[Image-backed grounding data]
#####
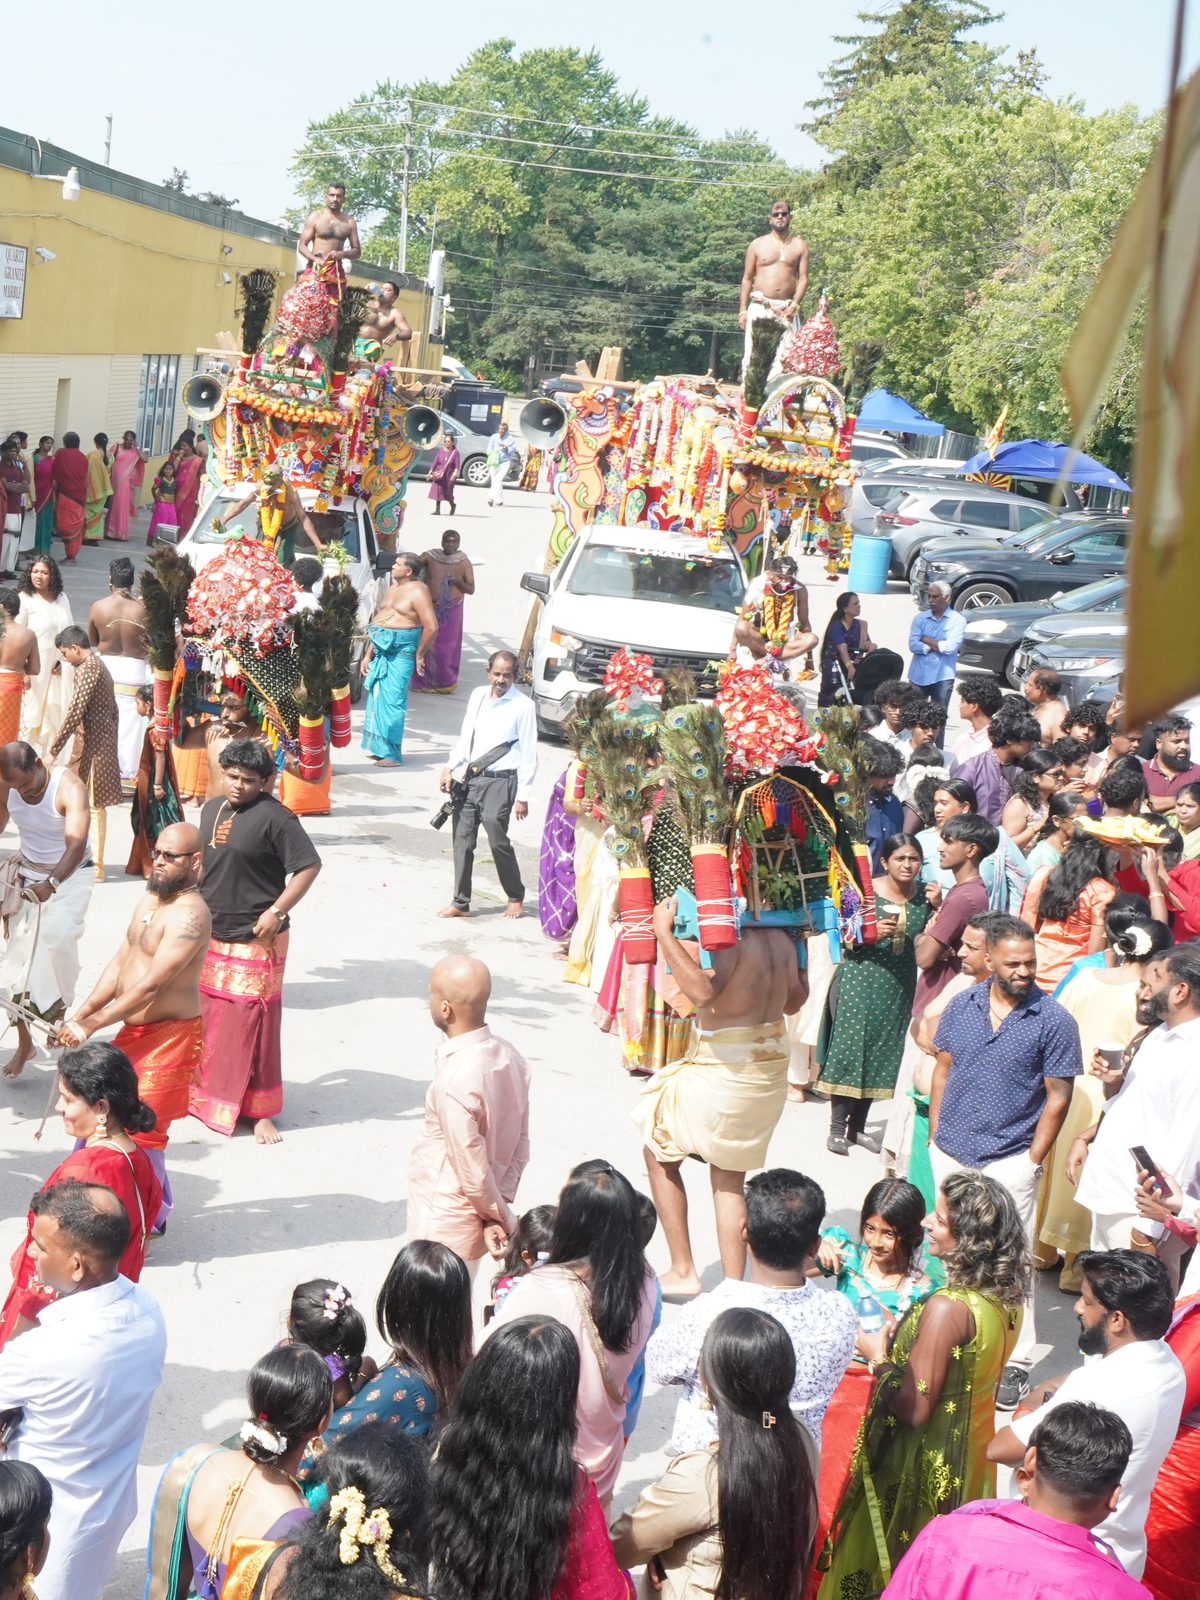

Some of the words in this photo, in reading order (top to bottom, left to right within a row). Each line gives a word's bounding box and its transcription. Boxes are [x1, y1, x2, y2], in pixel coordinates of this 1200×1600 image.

[5, 247, 25, 264] QUARTZ
[4, 266, 25, 281] GRANITE
[3, 284, 22, 299] MARBLE
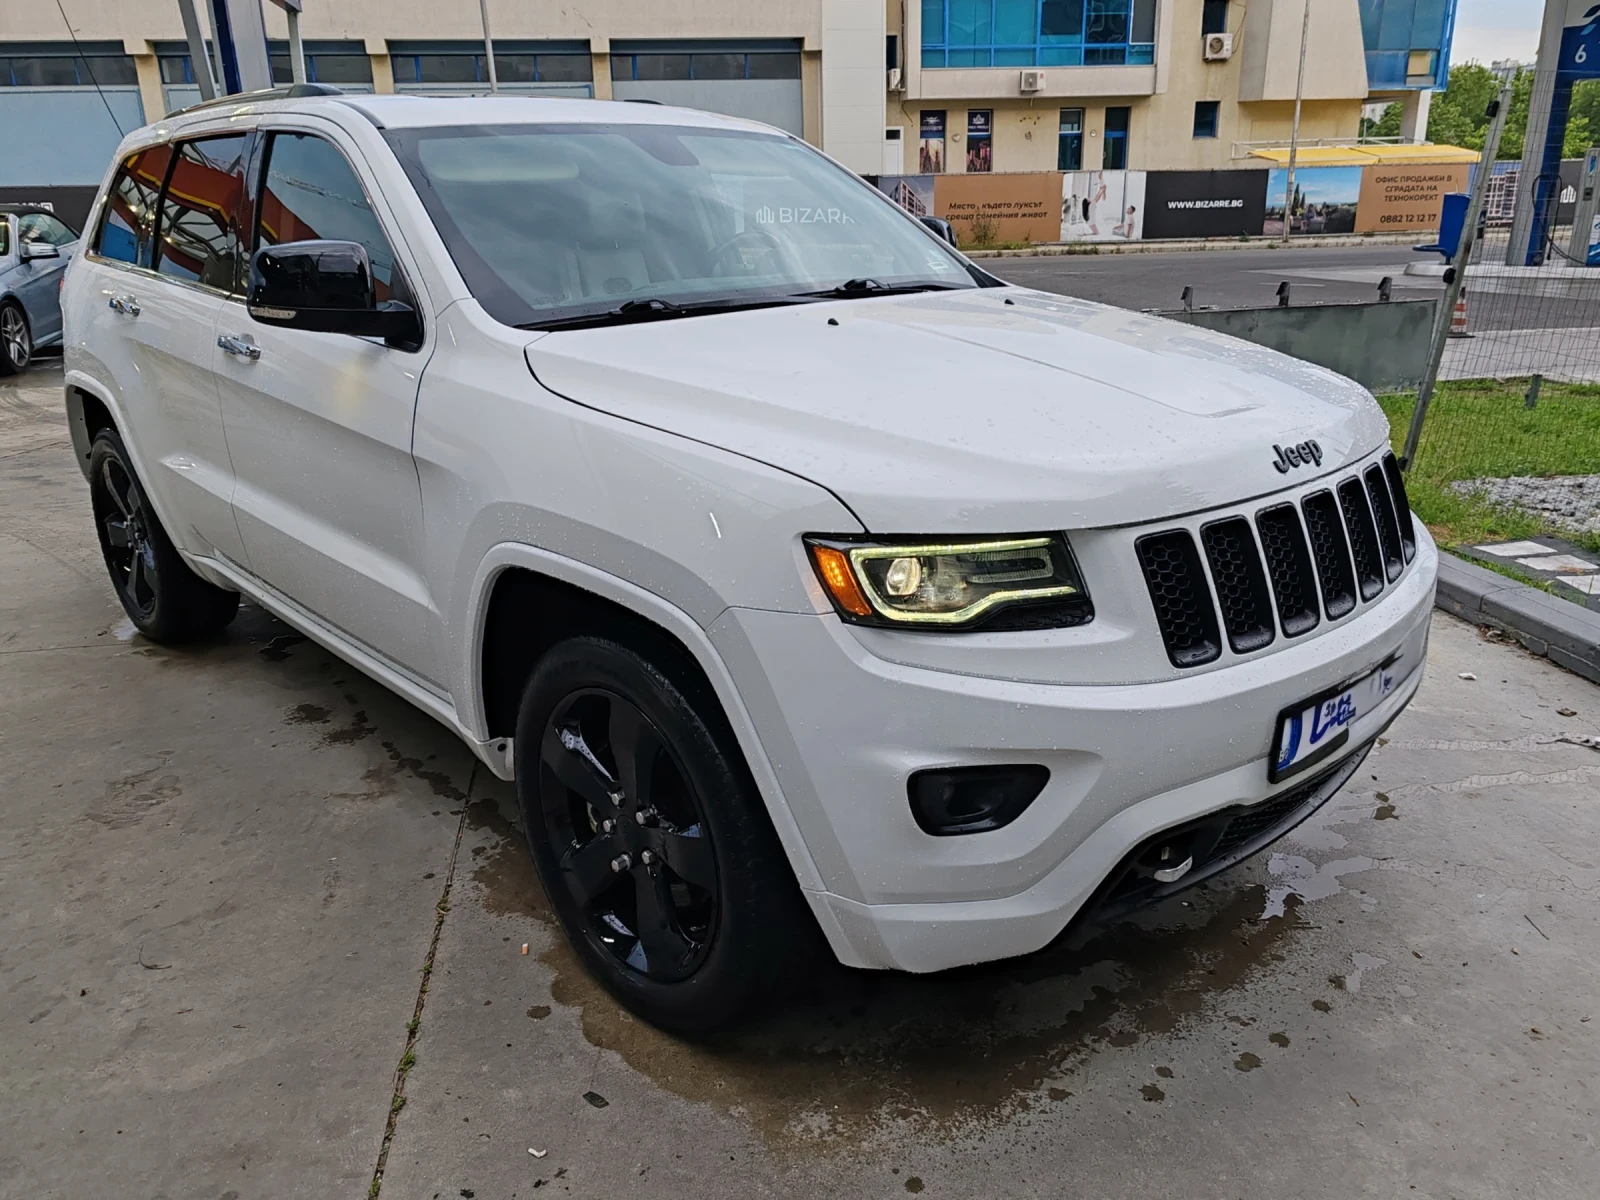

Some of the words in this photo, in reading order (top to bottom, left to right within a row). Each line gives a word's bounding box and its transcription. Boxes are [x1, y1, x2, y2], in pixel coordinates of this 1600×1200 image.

[1574, 44, 1587, 64] 6
[1400, 174, 1445, 182] ПРОДАЖБИ
[1384, 194, 1438, 202] ТЕХНОКОРЕКТ
[1013, 201, 1043, 209] луксът
[1167, 200, 1244, 209] WWW.BIZARRE.BG
[1380, 215, 1403, 223] 0882
[1405, 214, 1414, 222] 12
[1416, 214, 1426, 222] 12
[1428, 214, 1437, 222] 17
[1272, 439, 1323, 474] Jeep
#####
What you have to do: Could you write out every line above exactly as it stands, with no images?

Solved problem:
Some of the words in this photo, in reading order (top to bottom, left to right within a row). Each line gives a word's bounding box and its transcription. Boxes are [x1, y1, x2, y2], in pixel coordinates of this 1200×1600 image.

[5, 247, 25, 264] QUARTZ
[4, 266, 25, 281] GRANITE
[3, 284, 22, 299] MARBLE

Some of the words in this photo, in reading order (top to bottom, left to right within a row). Each line gives a word's bounding box and its transcription. Boxes are [x1, y1, x2, y2], in pixel coordinates of this 1600×1200 image.

[1574, 44, 1587, 64] 6
[1400, 174, 1445, 182] ПРОДАЖБИ
[1384, 194, 1438, 202] ТЕХНОКОРЕКТ
[1013, 201, 1043, 209] луксът
[1167, 200, 1244, 209] WWW.BIZARRE.BG
[1380, 215, 1403, 223] 0882
[1405, 214, 1414, 222] 12
[1416, 214, 1426, 222] 12
[1428, 214, 1437, 222] 17
[1272, 439, 1323, 474] Jeep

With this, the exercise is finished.